Text-to-region grounding data:
# # #

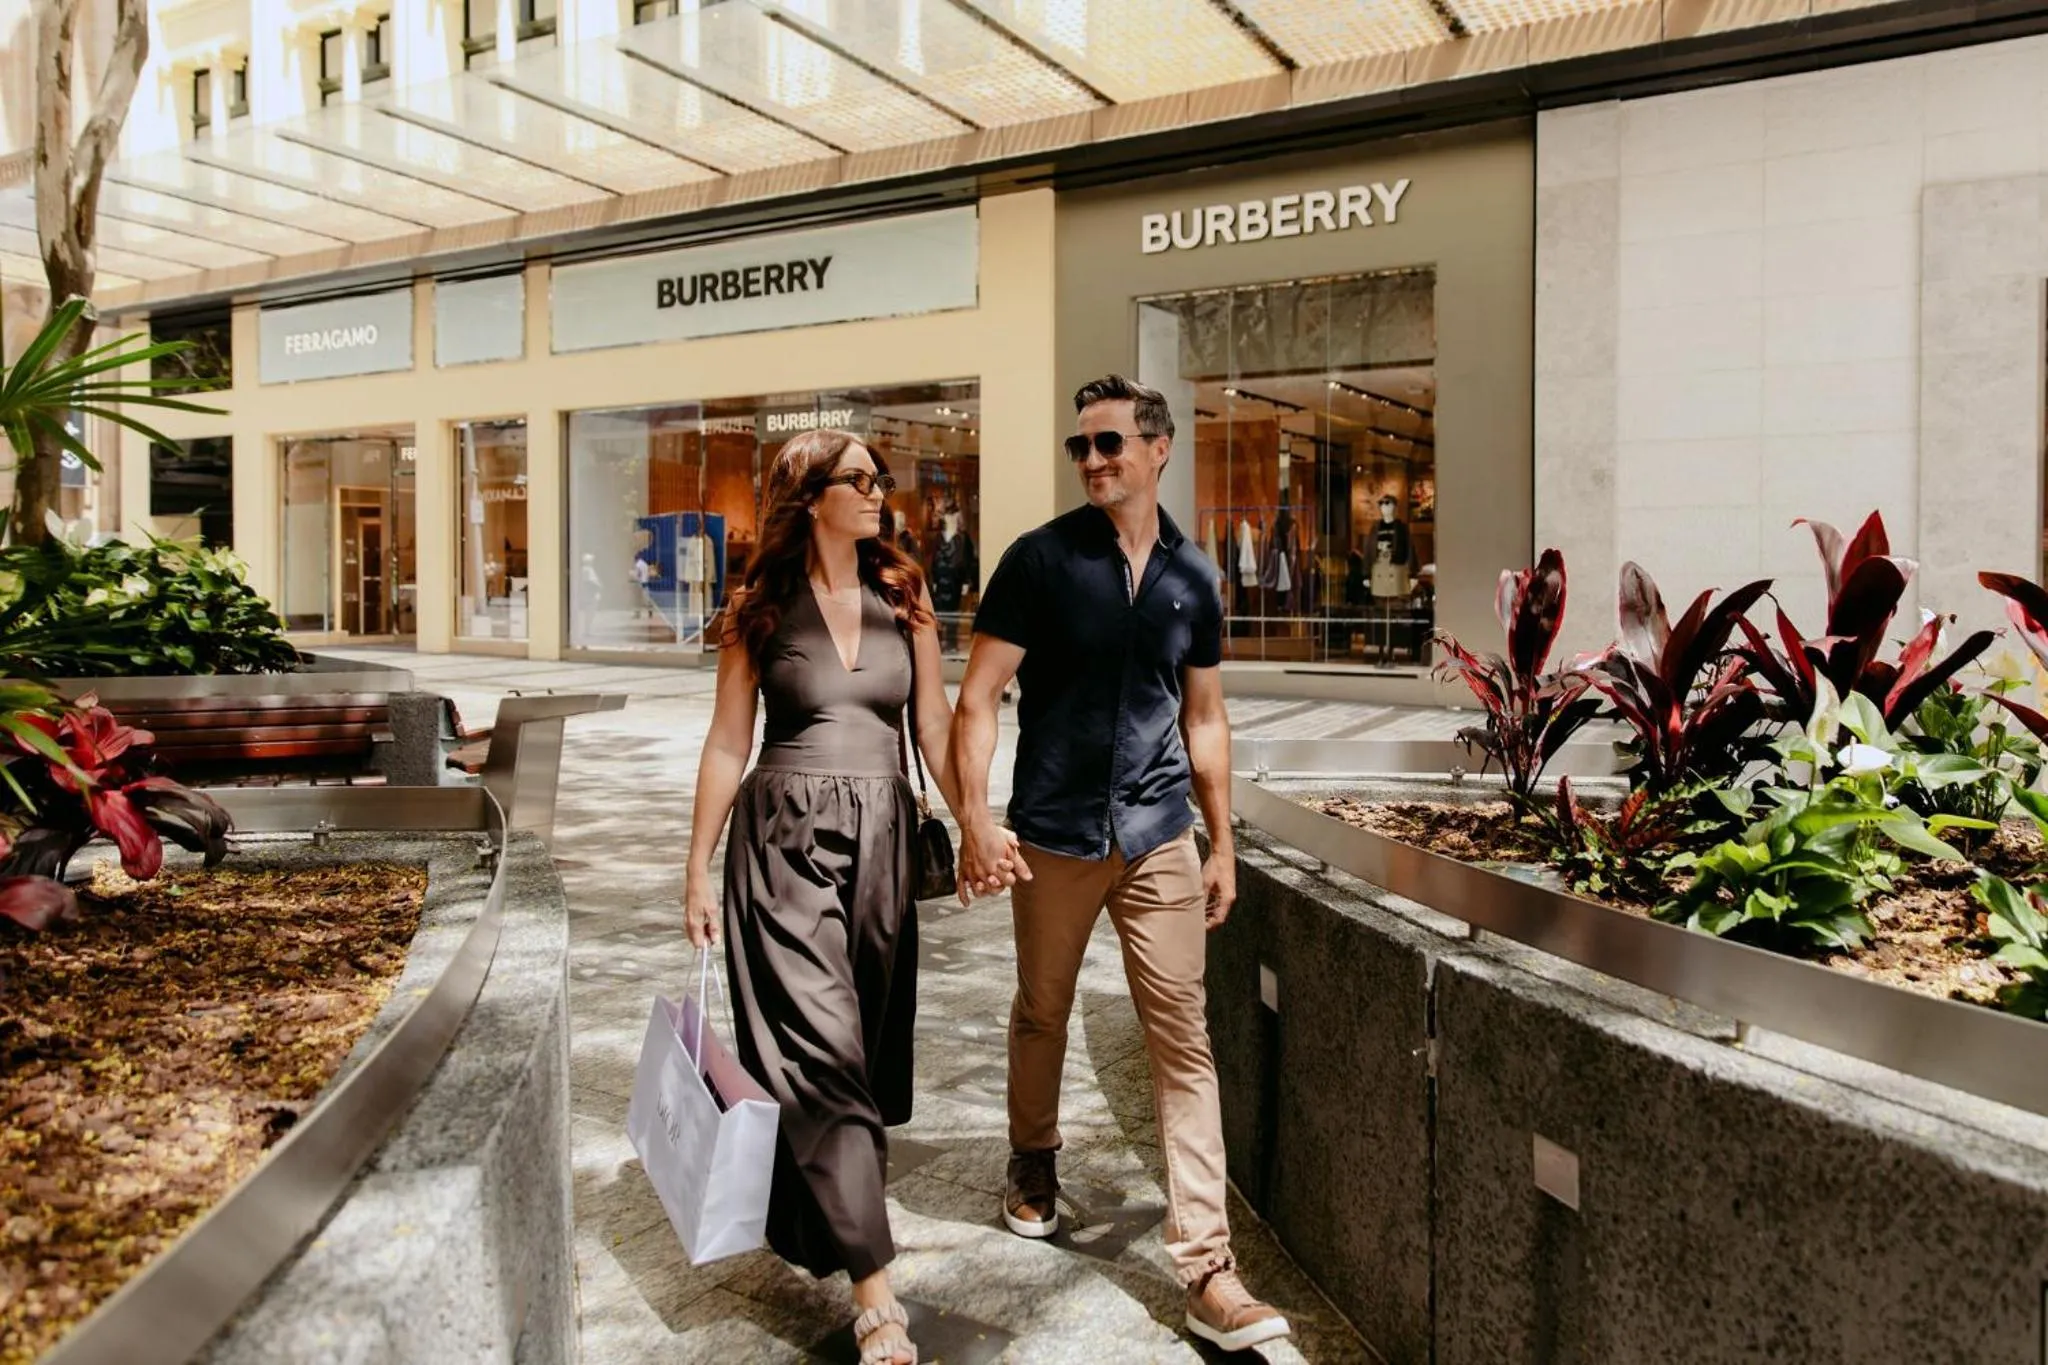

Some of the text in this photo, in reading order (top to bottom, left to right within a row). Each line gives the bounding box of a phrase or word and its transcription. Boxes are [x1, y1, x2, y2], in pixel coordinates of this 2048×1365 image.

[1142, 178, 1411, 254] BURBERRY
[657, 255, 833, 309] BURBERRY
[285, 324, 378, 355] FERRAGAMO
[766, 409, 854, 432] BURBERRY

# # #

WORK ITEM: Copy out every entry above verbatim. Leave each picture out.

SOLUTION:
Some of the text in this photo, in reading order (top to bottom, left to right within a row). Each line gives the bounding box of a phrase or word and its transcription. Boxes are [x1, y1, x2, y2], in pixel coordinates of this 2048×1365 image.

[1142, 178, 1411, 254] BURBERRY
[657, 255, 833, 309] BURBERRY
[285, 324, 378, 355] FERRAGAMO
[766, 409, 854, 432] BURBERRY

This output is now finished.